Click play below to listen or scroll down to read the transcript:



Expectations vs. Reality

How much of your discontent is a function of a misalignment between your expectations vs. reality?

I have this feeling that a lot of us judge our life based on what it should be, what we think it should be. We compare this ideal, this ‘should’, with our reality, and our reality always comes up short.

Because how can reality live up to an ideal? And furthermore, I posit that this ideal is instilled upon us in childhood, in school. Take for example, the idea of a friendship. We learn through school, through television shows, through external sources of what a friendship should be and what it means to have friends and all of these sort of things.

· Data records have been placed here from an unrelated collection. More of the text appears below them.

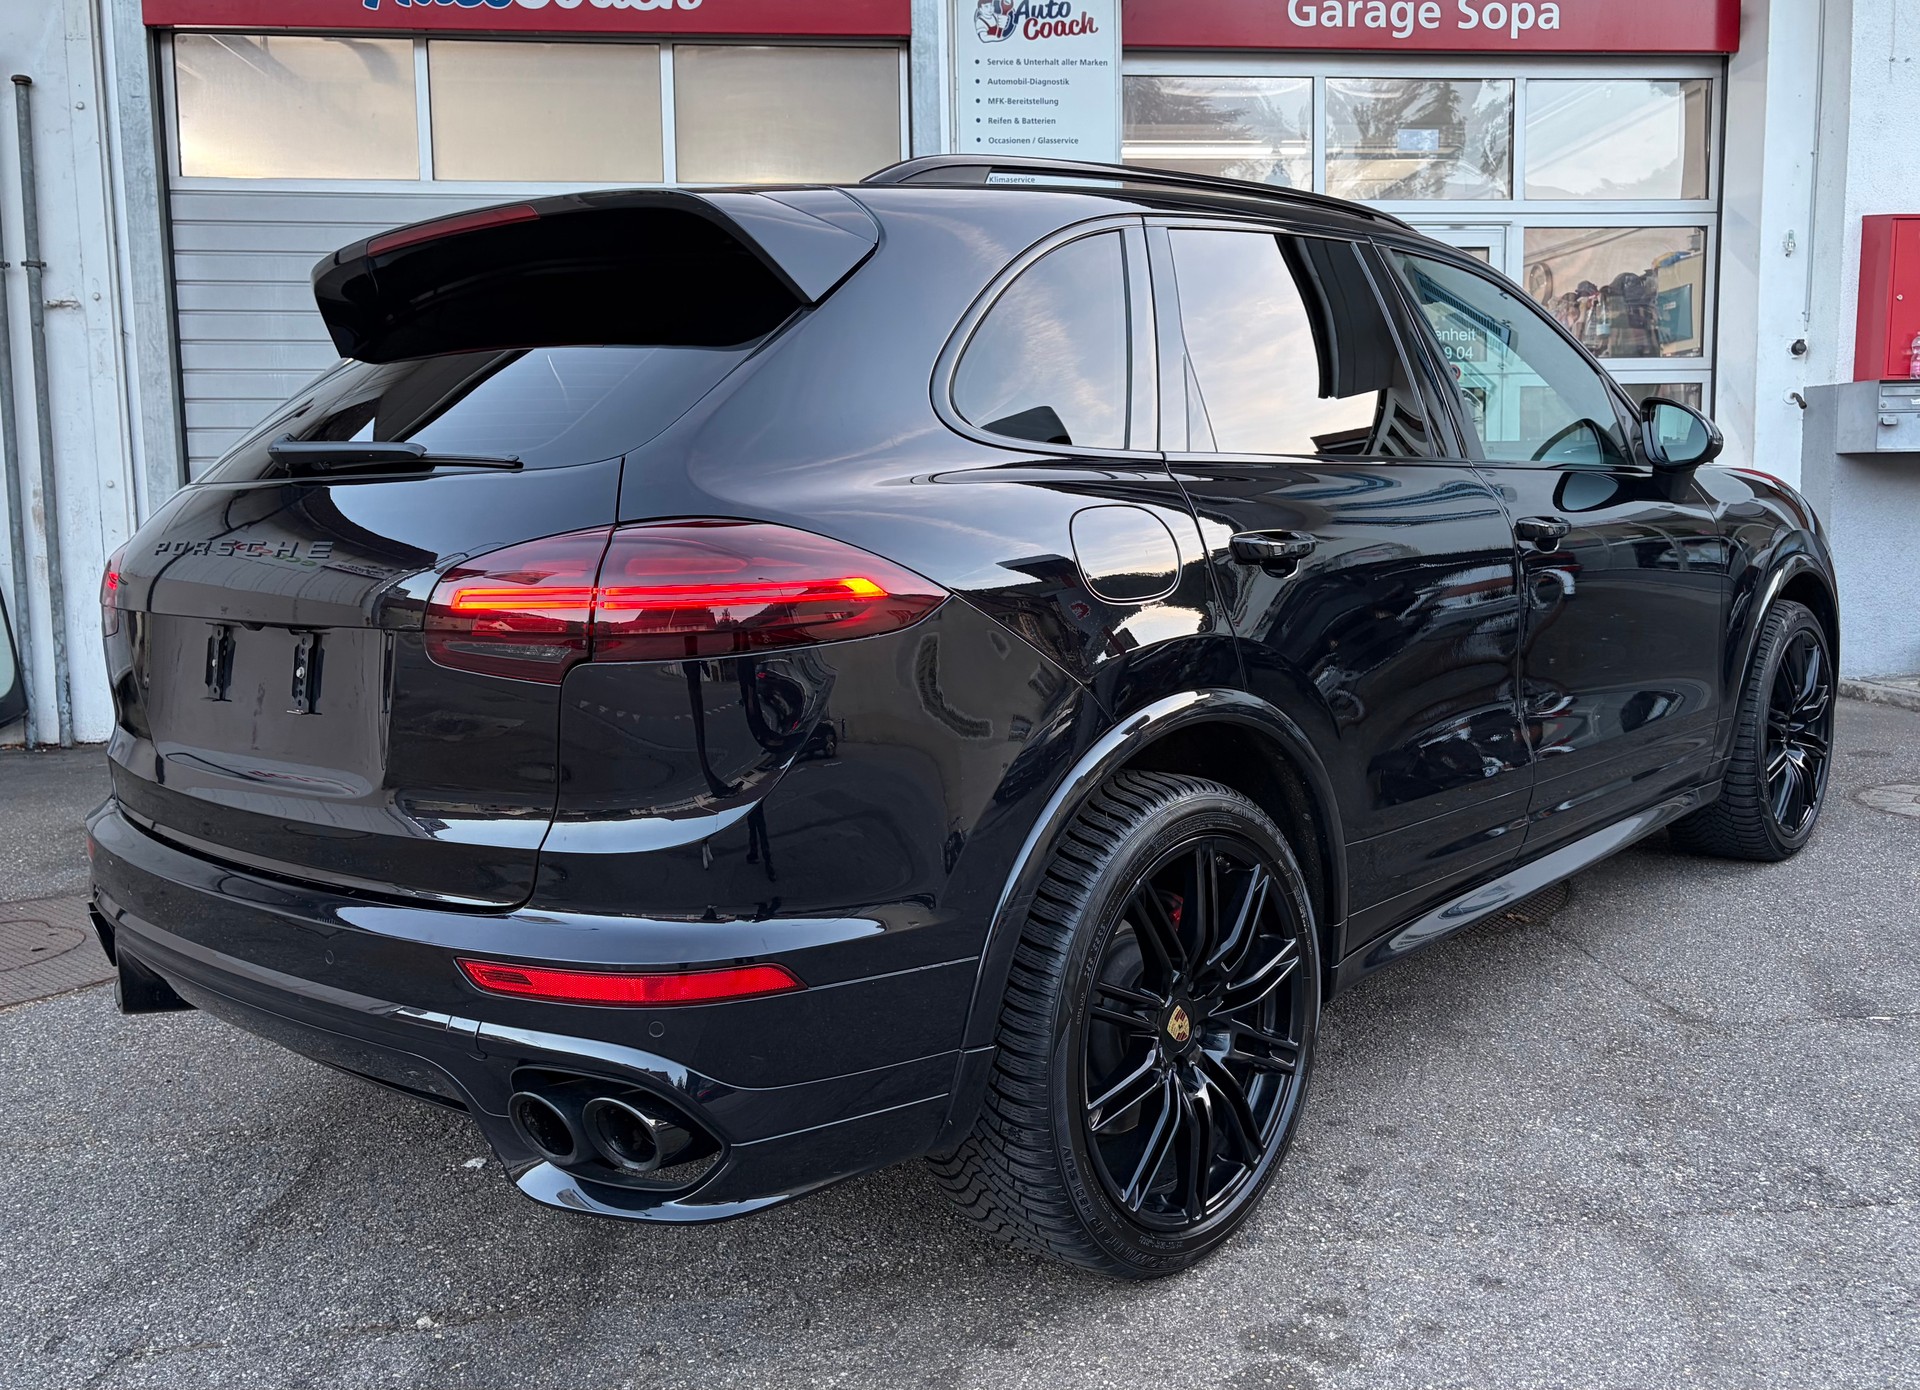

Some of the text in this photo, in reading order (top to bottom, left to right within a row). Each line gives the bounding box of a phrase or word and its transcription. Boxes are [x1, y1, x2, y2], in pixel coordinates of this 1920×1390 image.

[1014, 0, 1071, 24] Auto
[1287, 0, 1560, 39] Garage Sopa
[1023, 11, 1099, 40] Coach
[987, 58, 1108, 67] Service & Unterhalt aller Marken
[987, 77, 1070, 88] Automobil-Diagnostik
[987, 97, 1059, 107] MFK-Bereitstellung
[987, 117, 1057, 125] Reifen & Batterien
[988, 136, 1031, 145] Occasionen
[1037, 136, 1079, 145] Glasservice
[988, 176, 1036, 184] Klimaservice
[1456, 346, 1474, 360] 04
[154, 540, 335, 560] PORSCHE
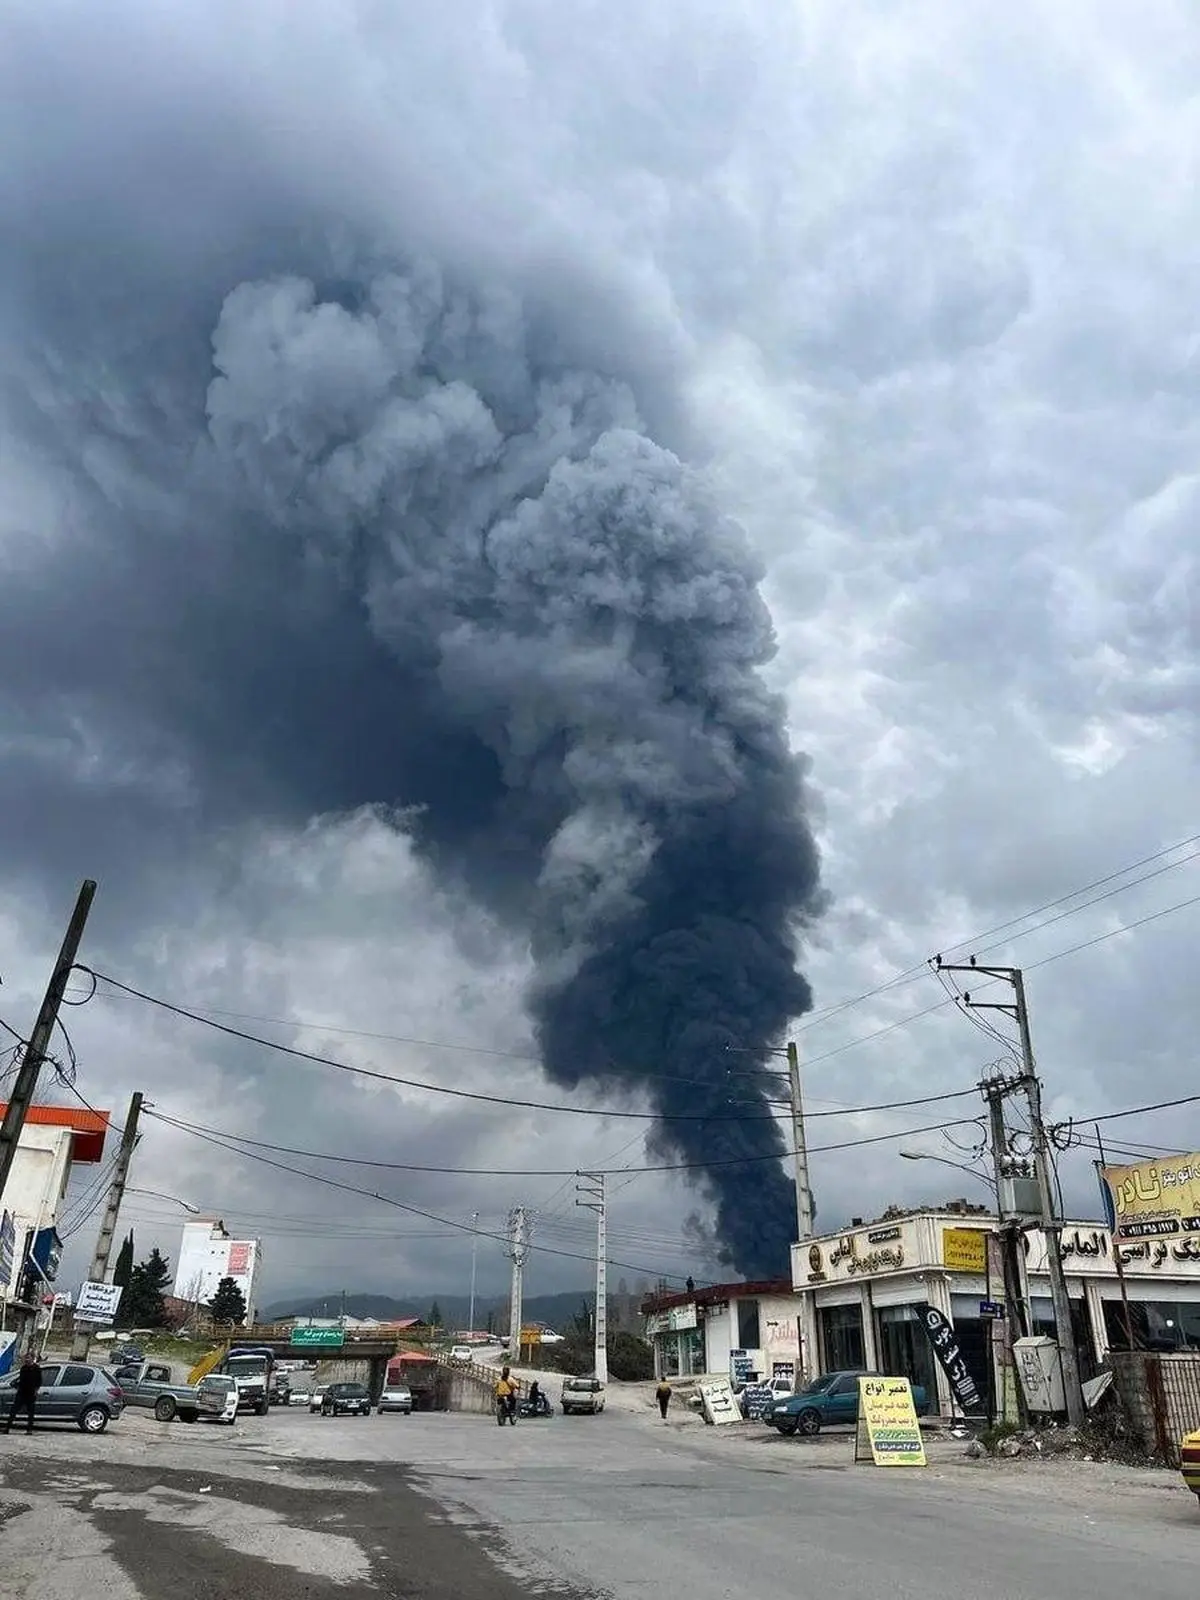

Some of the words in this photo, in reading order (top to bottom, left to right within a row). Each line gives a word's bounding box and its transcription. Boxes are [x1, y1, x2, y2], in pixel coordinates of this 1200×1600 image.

[1116, 1167, 1162, 1214] نادر
[865, 1382, 885, 1396] انواع
[888, 1383, 908, 1396] تعمیر

I'm using friendships as a proxy for everything here. But like take the idea of a friendship. What does it mean to be popular, to have friends, to have people that care about you? It will be triggering a bunch of emotions and ideas and visions in your mind that are pointing towards this sort of vague idea of what it means to have a friendship.

Now compare that to your lived experience. Whatever your lived experience, it won't ever really fit that ideal. How can it, right?

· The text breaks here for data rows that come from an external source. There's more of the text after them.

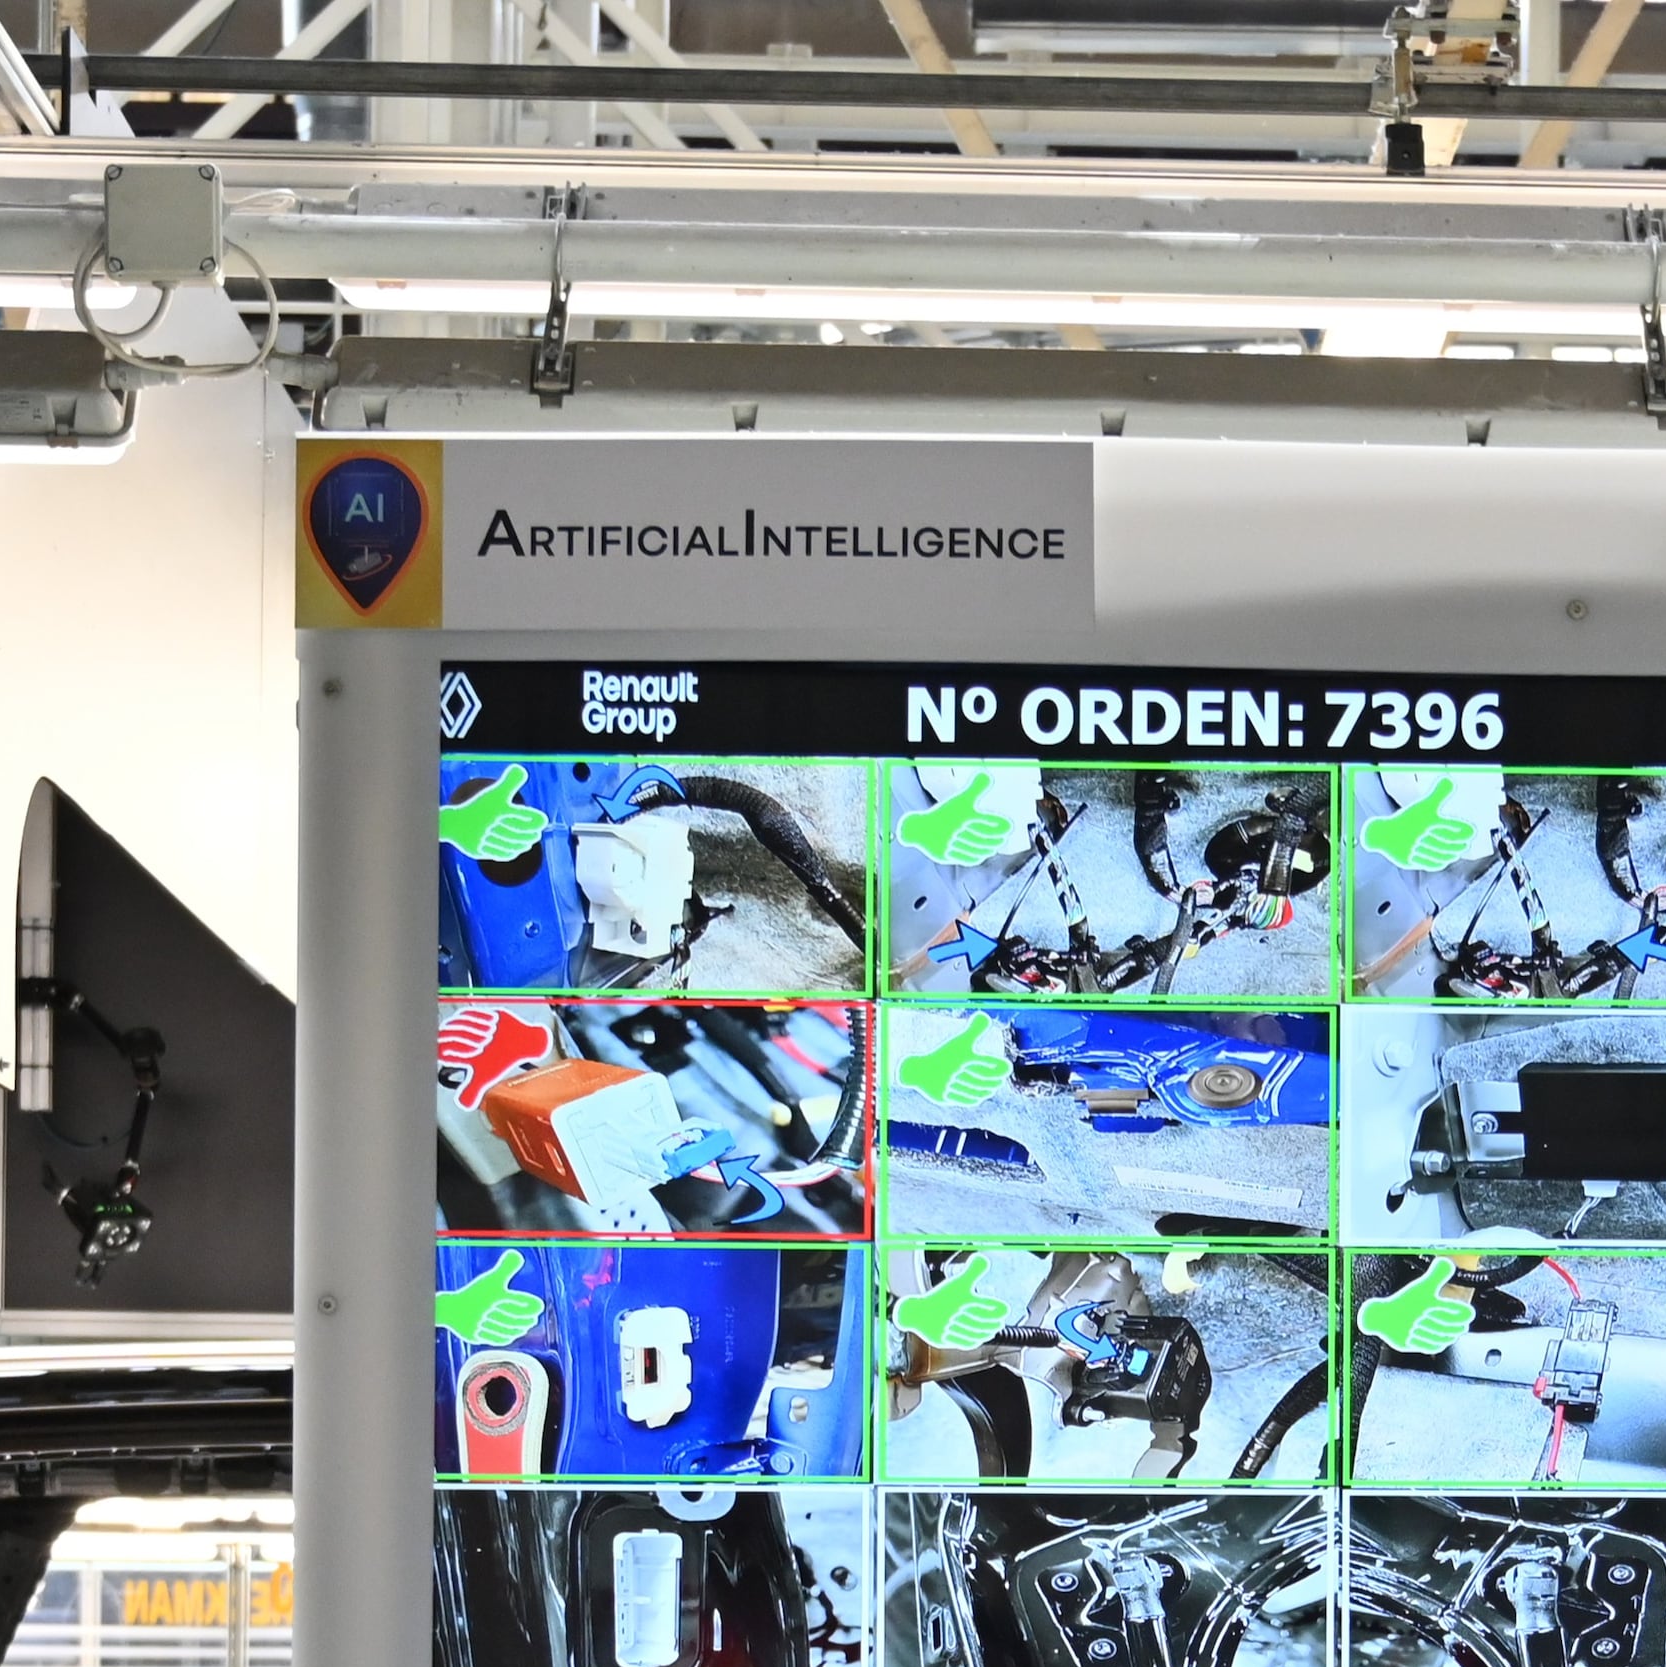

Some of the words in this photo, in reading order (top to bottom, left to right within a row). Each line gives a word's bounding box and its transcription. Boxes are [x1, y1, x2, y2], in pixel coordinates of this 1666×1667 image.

[344, 494, 384, 522] AI
[582, 670, 699, 704] Renault
[581, 702, 677, 743] Group
[1020, 687, 1304, 747] ORDEN:
[1324, 692, 1505, 751] 7396

But the problem is that if we sit in this space of rumination, if we sit in this space of comparison, if we sit in this space of sort of judgment, we will always fall short. We'll always fall short on every aspect of our life, on friendship, on romance, on work, on family, on progression, on just about every aspect. Because what it means to, for example, be successful will be this ‘ideal thing’ - we've got this storyboard pushed upon us, an idealized, internalized conception of what it means to be successful.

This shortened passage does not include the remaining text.